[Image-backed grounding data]
---+---
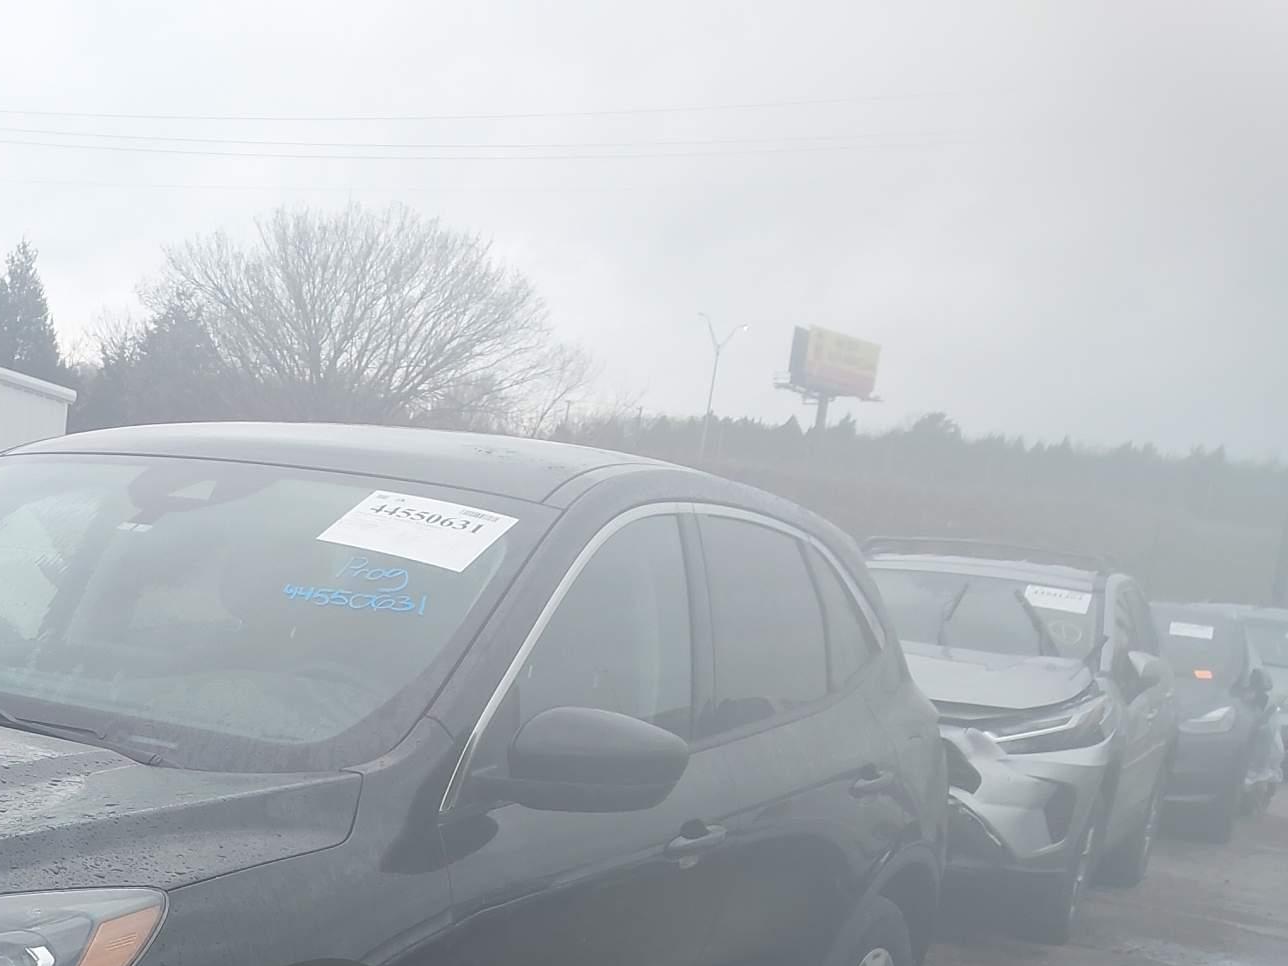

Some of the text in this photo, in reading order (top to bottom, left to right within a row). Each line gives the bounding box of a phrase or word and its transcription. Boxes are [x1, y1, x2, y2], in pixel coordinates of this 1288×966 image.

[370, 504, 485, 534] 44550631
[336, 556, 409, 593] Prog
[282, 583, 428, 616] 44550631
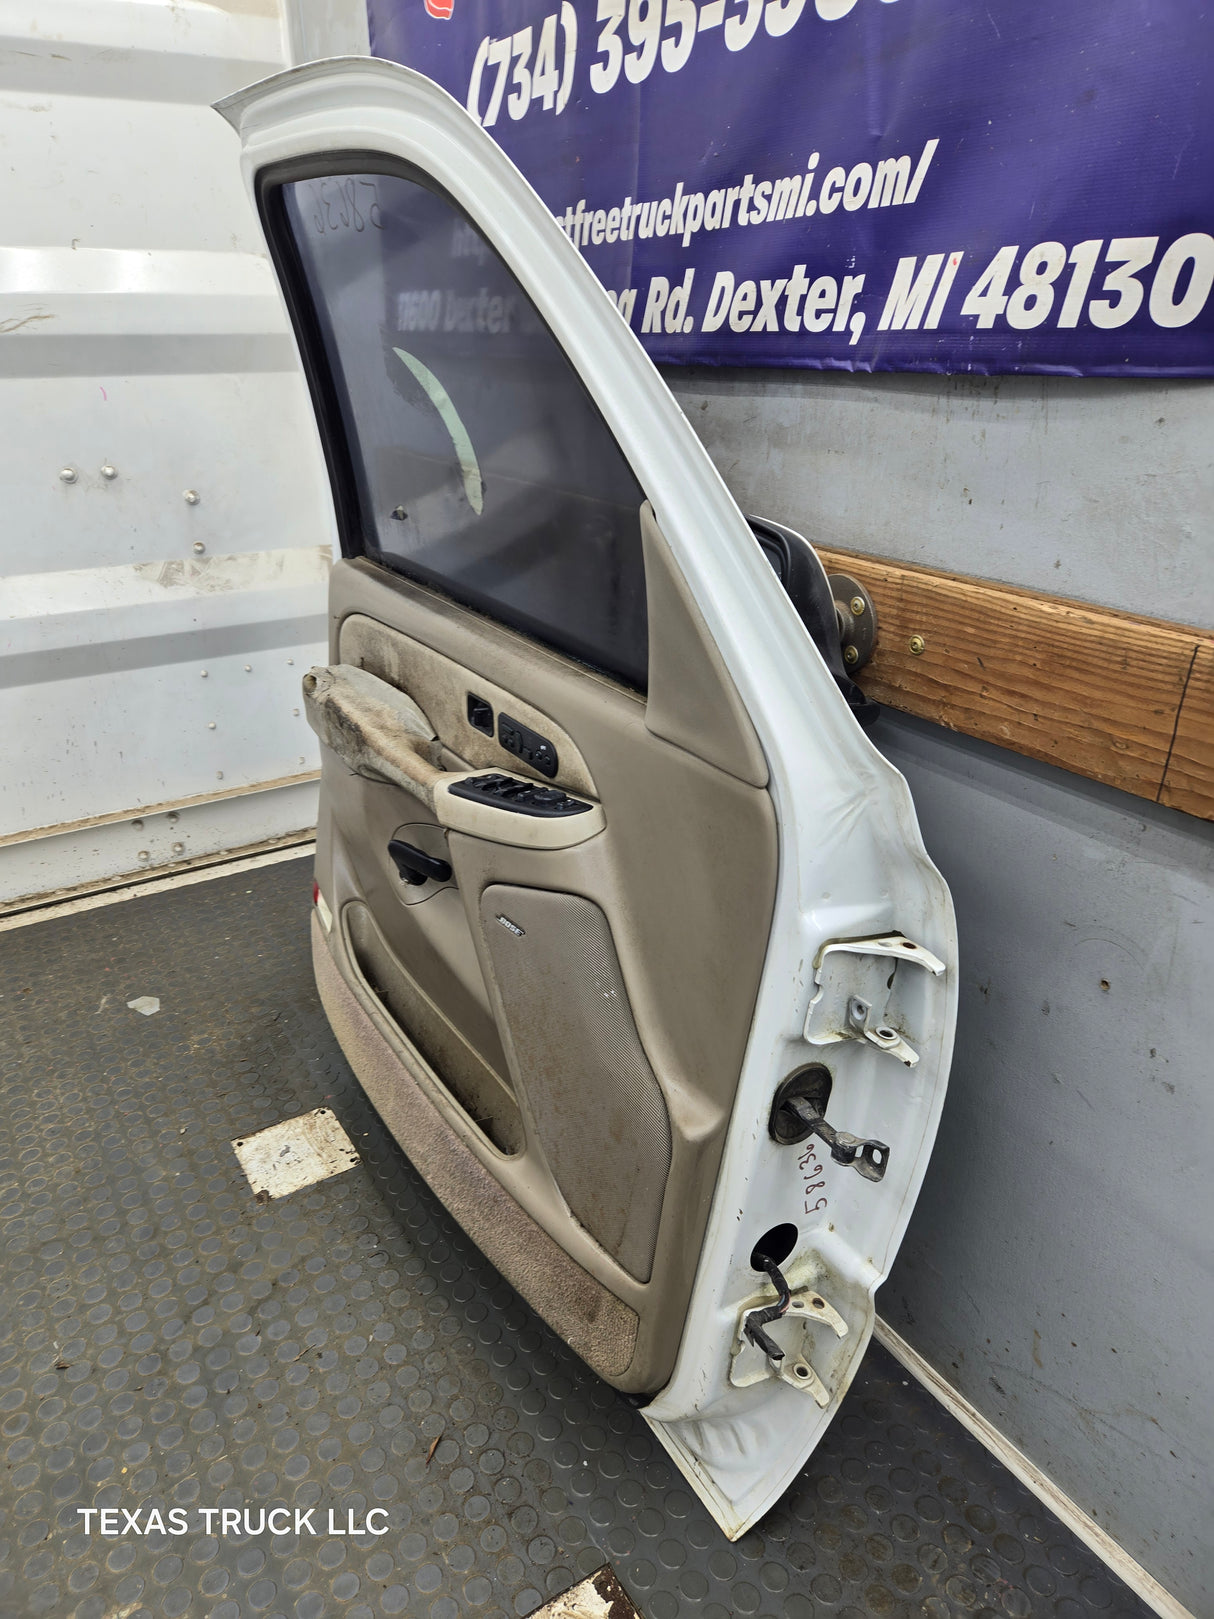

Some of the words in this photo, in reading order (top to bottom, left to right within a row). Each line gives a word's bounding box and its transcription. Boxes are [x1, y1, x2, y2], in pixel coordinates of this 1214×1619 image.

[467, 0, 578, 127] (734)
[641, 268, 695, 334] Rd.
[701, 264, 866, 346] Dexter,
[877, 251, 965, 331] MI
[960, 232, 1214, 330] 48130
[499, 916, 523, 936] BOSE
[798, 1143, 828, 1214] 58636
---+---
**Work item:** Your copy must repeat the data word for word and show none of its images.

**Finished task:**
Some of the text in this photo, in reading order (top to bottom, left to right within a row). Each line gives the bounding box of a phrase or word and its transcription. Boxes are [x1, y1, x2, y2], in pixel coordinates of this 1288×966 image.

[370, 504, 485, 534] 44550631
[336, 556, 409, 593] Prog
[282, 583, 428, 616] 44550631

Some of the words in this photo, in reading order (top to bottom, left to right within a row). Each line gives a word's bounding box and its transcription. Boxes are [x1, y1, x2, y2], in pixel coordinates of this 1214×1619 image.

[467, 0, 578, 127] (734)
[641, 268, 695, 334] Rd.
[701, 264, 866, 346] Dexter,
[877, 251, 965, 331] MI
[960, 232, 1214, 330] 48130
[499, 916, 523, 936] BOSE
[798, 1143, 828, 1214] 58636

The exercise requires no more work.